Sustainability of Cardiac Pacing by Mechanical Stimulation in the Langendorff-Perfused Rabbit Heart
B. Han1, P. Kohl1, B. A. Cameron1, R. Peyronnet1, C. Zgierski-Johnston1
1Institut für Experimentelle Kardiovaskuläre Medizin, Universitäts-Herzzentrum Freiburg - Bad Krozingen, Freiburg im Breisgau;

Mechanical pacing (MP) leads to higher cardiac output than chest compressions and, unlike electrical pacing (EP), avoids off-target effects. Thus, MP may be useful for bridging to equipment-based treatment in the emergency setting.

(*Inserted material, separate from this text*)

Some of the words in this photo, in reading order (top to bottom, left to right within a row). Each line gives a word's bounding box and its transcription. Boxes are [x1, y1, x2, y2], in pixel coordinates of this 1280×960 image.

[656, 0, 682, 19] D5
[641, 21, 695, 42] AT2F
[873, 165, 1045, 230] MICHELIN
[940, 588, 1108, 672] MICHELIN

However, only a finite number of beats can be stimulated with MP before the heart will no longer reliably respond (loss of capture, LoC).1 In this work, we investigate the dynamics of LoC to gain insight into possible mechanisms and modulators of MP.

Langendorff-perfused rabbit hearts were mechanically or electrically paced at the mid-left ventricular free-wall using direct epicardial mechanical (MS) or electrical (ES) stimuli. Experiments included MP alone, MP interspersed with ES, MP preceded by sub-threshold and supra-threshold (constant indentation) MS, MP with altered left ventricular diastolic pressure (0 - 20 mmHg), and MP in the presence of the Piezo1 channel agonist Yoda1 (20 μM), and TRPA1 channel agonist allyl isothiocyanate (AITC; 60 μM) and antagonist HC030031 (20 μM).

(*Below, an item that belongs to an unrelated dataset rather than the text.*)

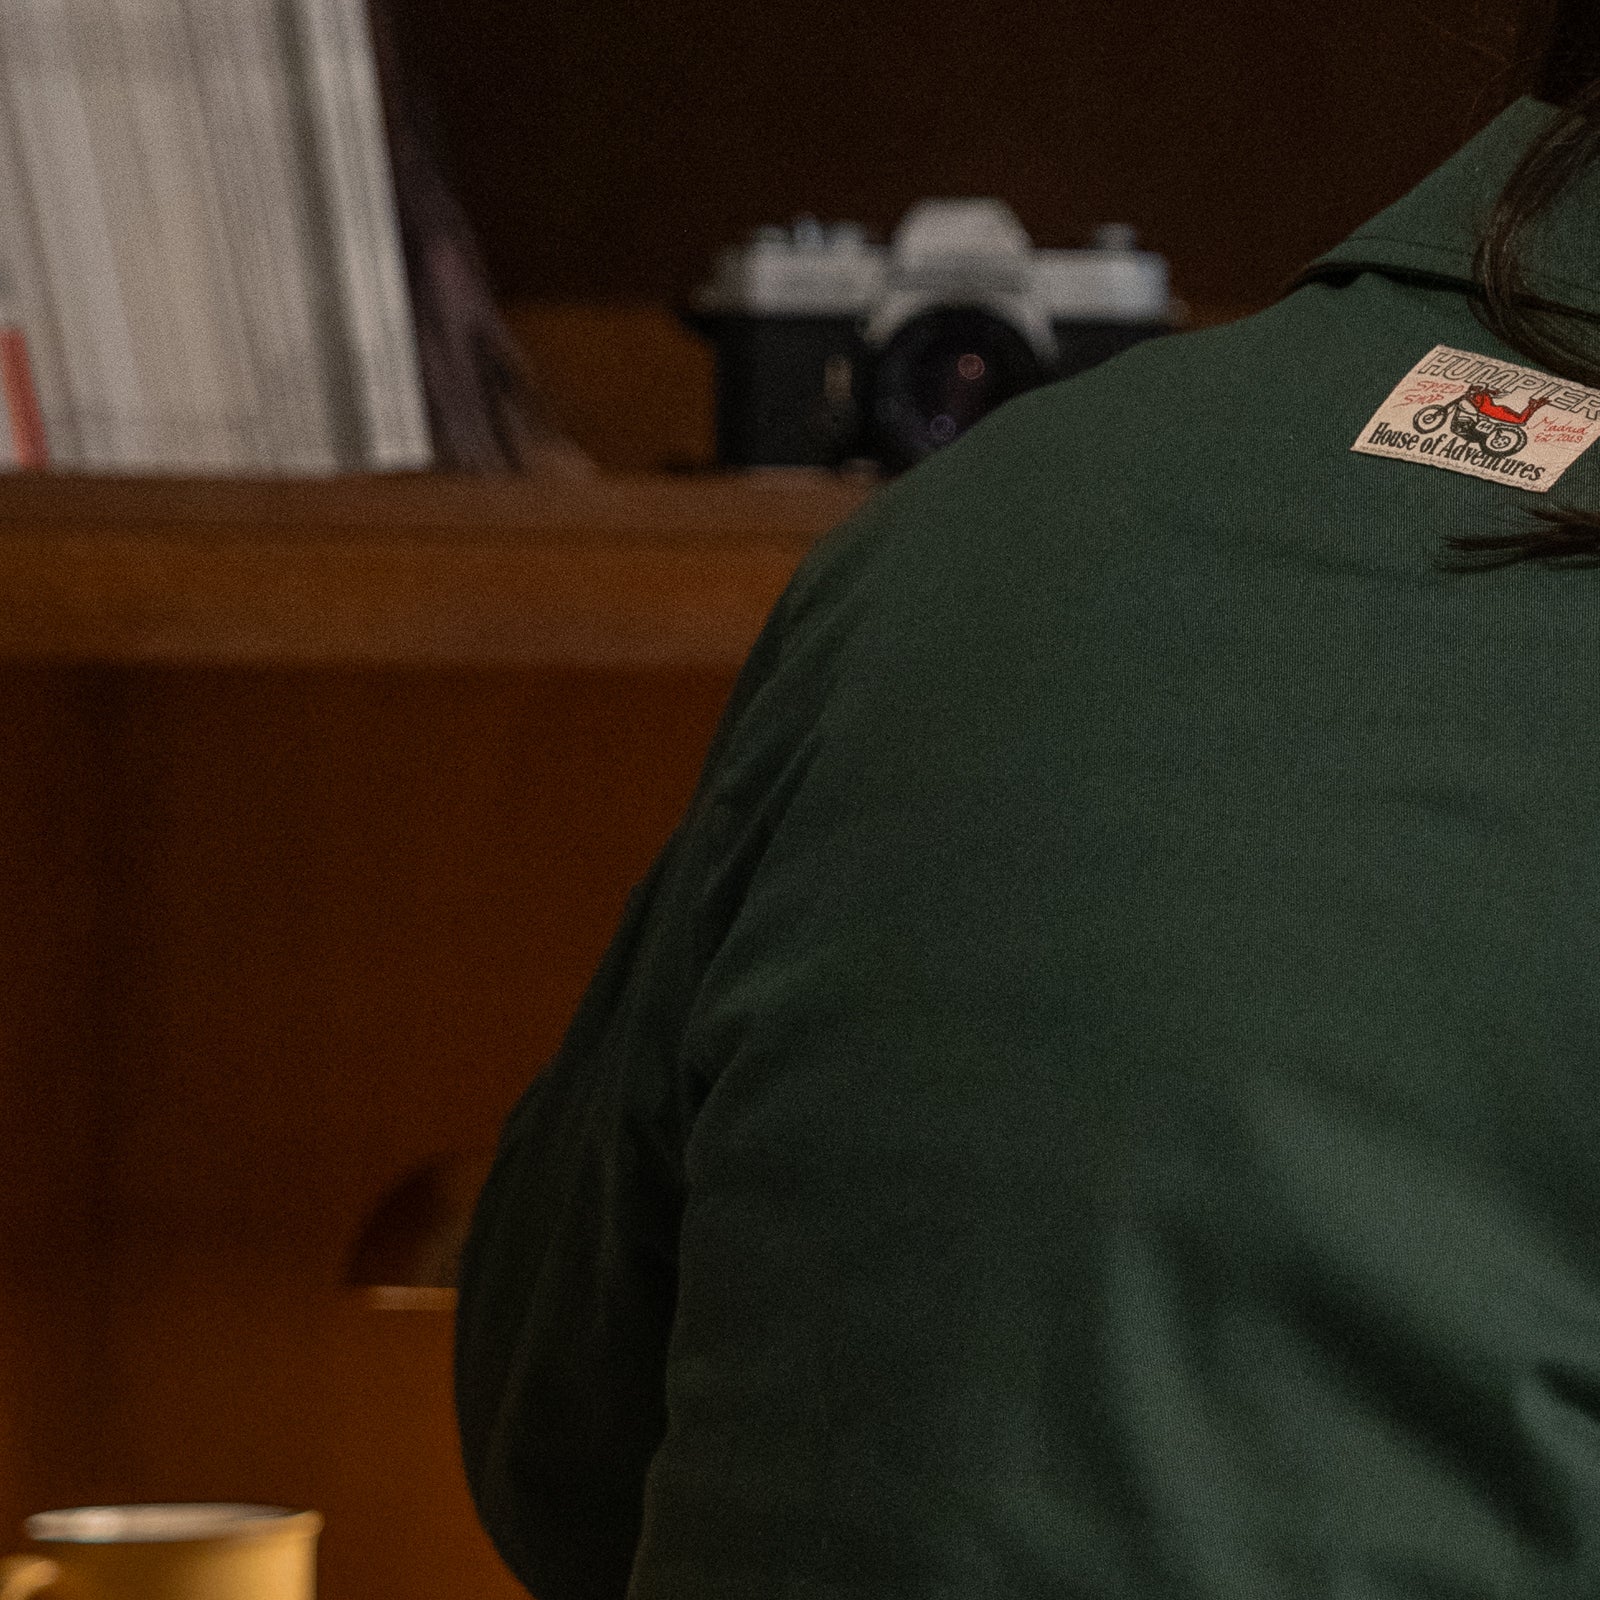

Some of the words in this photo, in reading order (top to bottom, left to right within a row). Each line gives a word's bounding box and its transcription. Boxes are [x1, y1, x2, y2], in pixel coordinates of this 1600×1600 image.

[1367, 421, 1420, 450] House
[1420, 433, 1448, 455] of
[1442, 436, 1547, 482] Adventures

The number of consecutive mechanically captured beats (MC) decreased with increasing pacing frequency from 2.5 Hz to 6.0 Hz. Interspersed ES increased the number of MC before LoC. Tissue pre-stretching before MP by sub-/supra threshold MS or increased left ventricular diastolic pressure reduced the number of MC. Application of Yoda1 and of AITC increased the number of MC, however HC-030031 did not affect the number of MC, nor did it prevent the increase in MC with Yoda1.

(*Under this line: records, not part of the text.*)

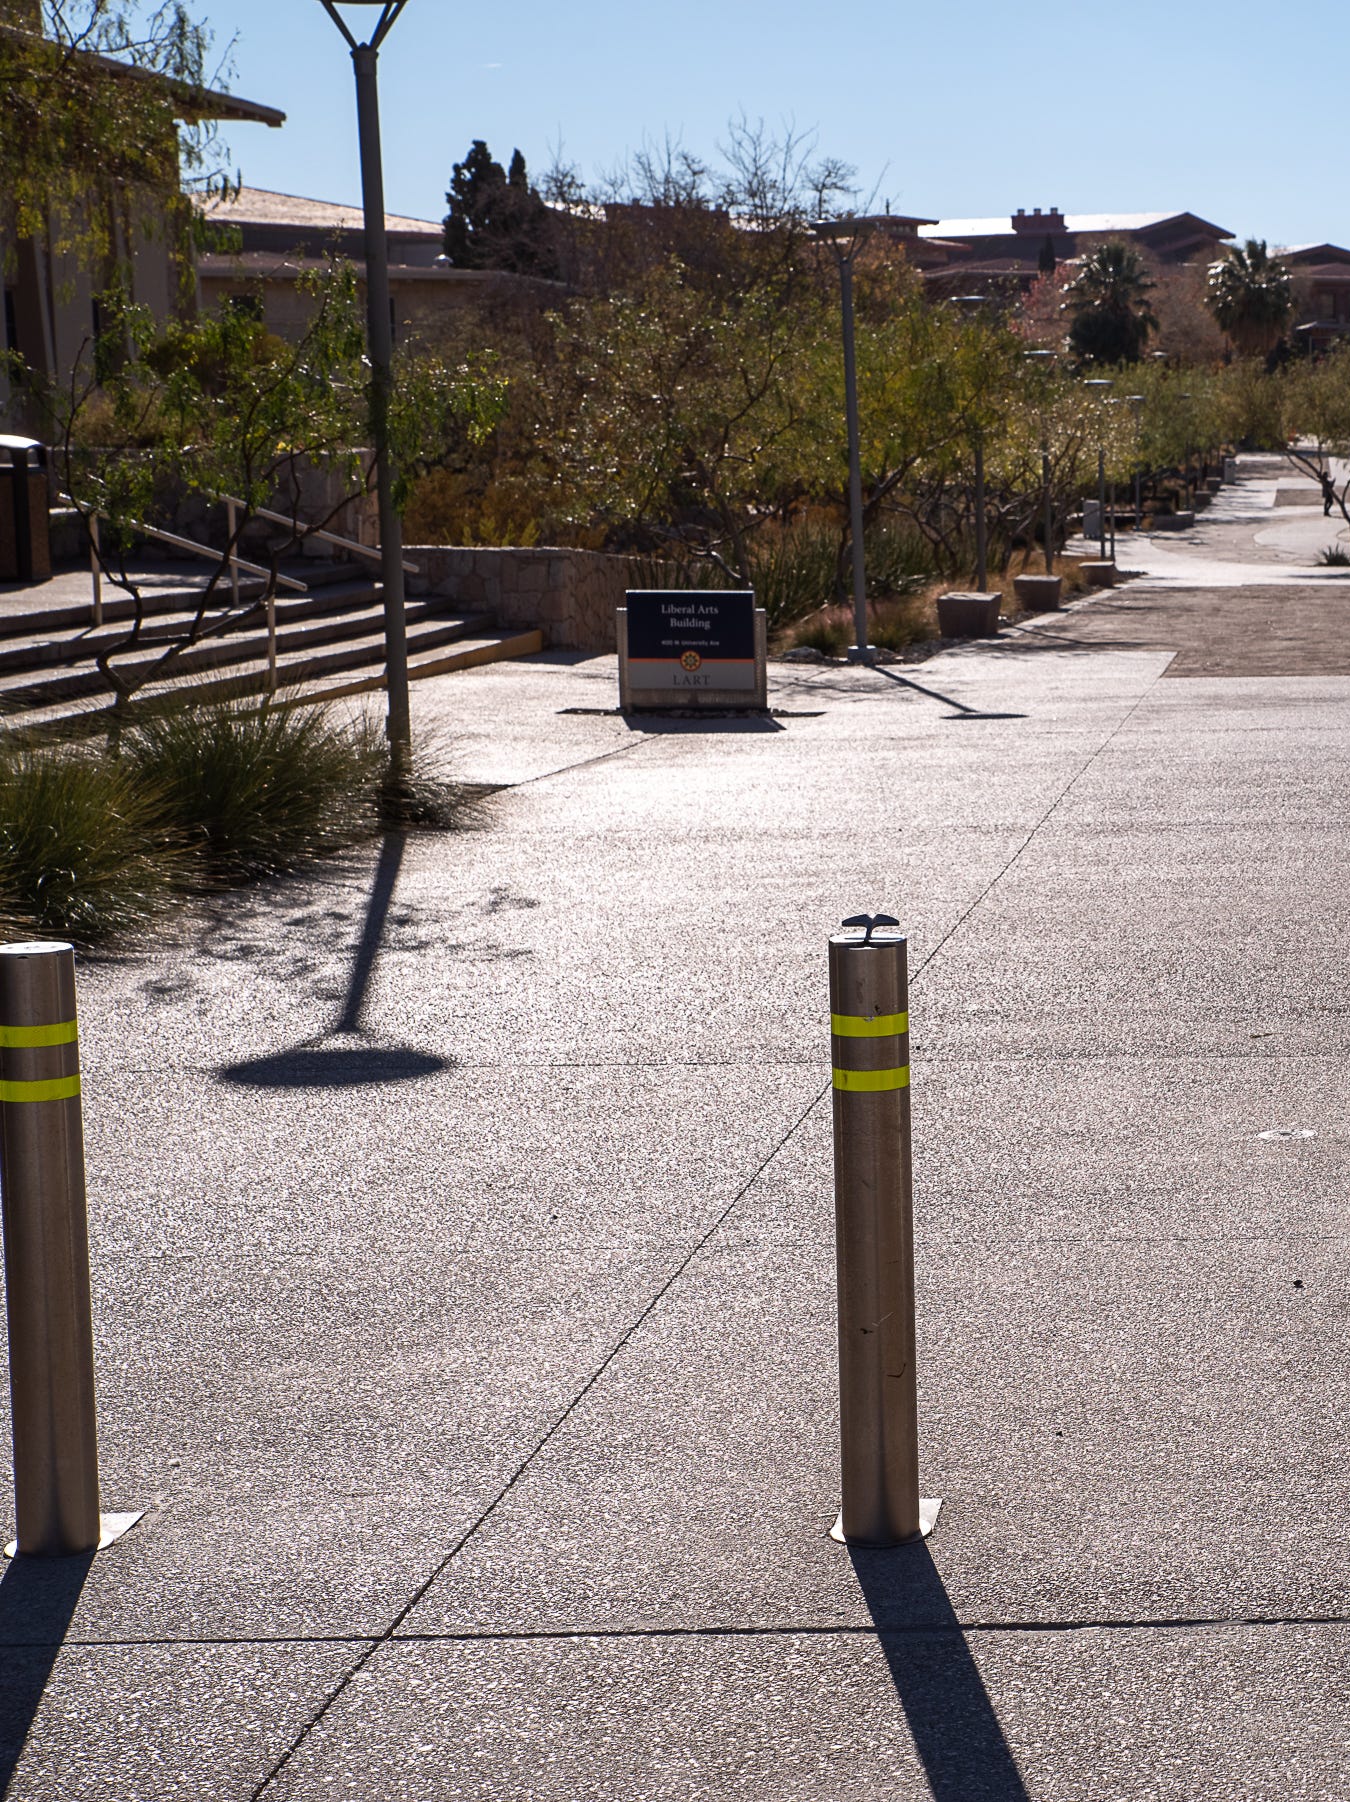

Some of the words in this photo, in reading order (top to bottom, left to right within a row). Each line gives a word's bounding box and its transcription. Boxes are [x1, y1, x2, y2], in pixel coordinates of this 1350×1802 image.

[661, 604, 695, 614] Liberal
[698, 604, 719, 614] Arts
[670, 618, 711, 630] Building
[673, 675, 711, 686] LART
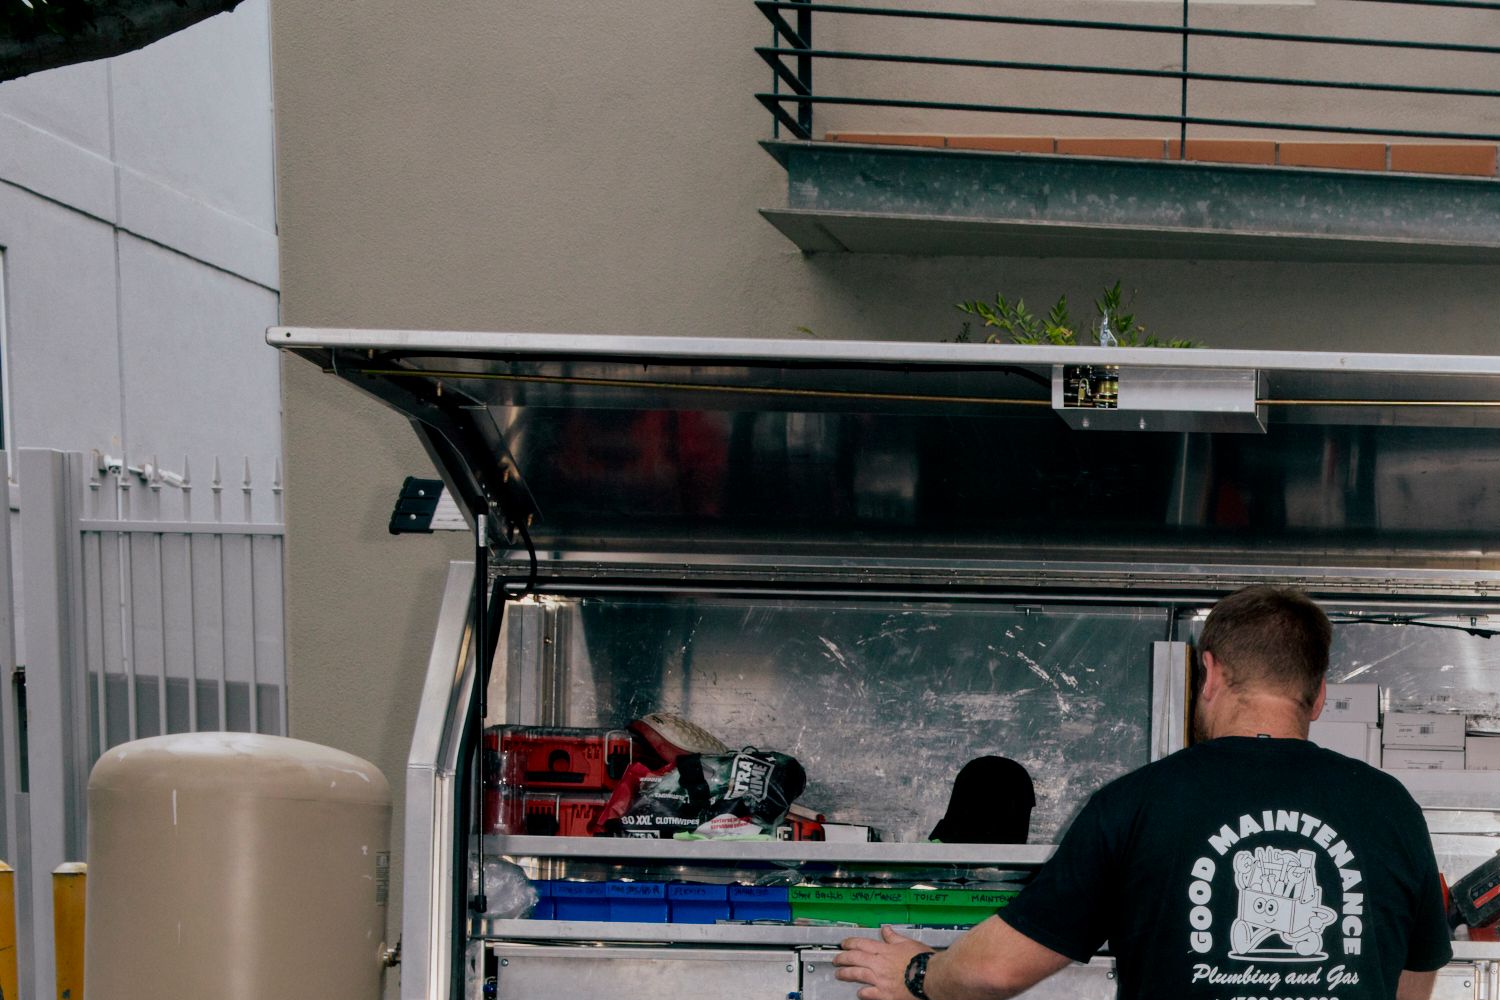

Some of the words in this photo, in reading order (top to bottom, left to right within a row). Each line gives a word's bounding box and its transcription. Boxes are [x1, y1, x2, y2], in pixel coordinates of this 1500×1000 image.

[655, 816, 700, 826] CLOTHWIPES
[1188, 857, 1216, 954] GOOD
[1208, 809, 1364, 956] MAINTENANCE
[913, 893, 949, 902] TOILET
[1191, 963, 1281, 991] Plumbing
[1284, 967, 1323, 985] and
[1326, 965, 1360, 991] Gas

In line with previous reports, we observed a frequency dependence of LoC during MP. Contrary to prior studies, we found that prolonging the MS-MS intervals by interspersing ES increased the number of MC before LoC.1 Moreover, mechanical tissue pre-stretching caused faster LoC, indicating a stretching-related mechanism. The mechanism underlying the LoC is not known. However, the prevailing hypothesis is that cation non-selective stretch-activated channels (SACns) underlie MC, and their rundown results in LoC.1 Interestingly, the SACns Piezo1 has previously been shown to have peak currents that decrease with increasing stimulation rate2 and with a plateau from approximately 5.0 Hz, matching the frequency after which MP becomes unreliable. In our study, we found Yoda1 increased the number of MC, which suggests Piezo1 is a contributor, combined with a study showing that the application of Grammostola spatulata MechanoToxin-4 (500 nmol/L) reduced mechanically-induced excitation in rabbit.3 Sensitizing Piezo1 while blocking TRPA1 increased MC, suggesting that Piezo1 can contribute independently to MC without sensitizing TRPA1 via calcium. However, AITC and HC-030031 did not show opposite effects on the number of MC, indicating that TRPA1 might not (or rarely) contribute to MP under physiological conditions. In future work, we will perform multi-site MP, which will aid in understanding the mechanisms underlying LoC, and potentially provide evidence for or against the utility of MP in the first aid setting.
References
1. Quinn TA, et al. Europace. 2016;18(suppl 4):iv85-iv93.

2. Lewis AH, et al. Cell Rep. 2017;19(12):2572-2585. 

3. Quinn TA, et al. Circ Arrhythm Electrophysiol. 2017;10(8):e004777.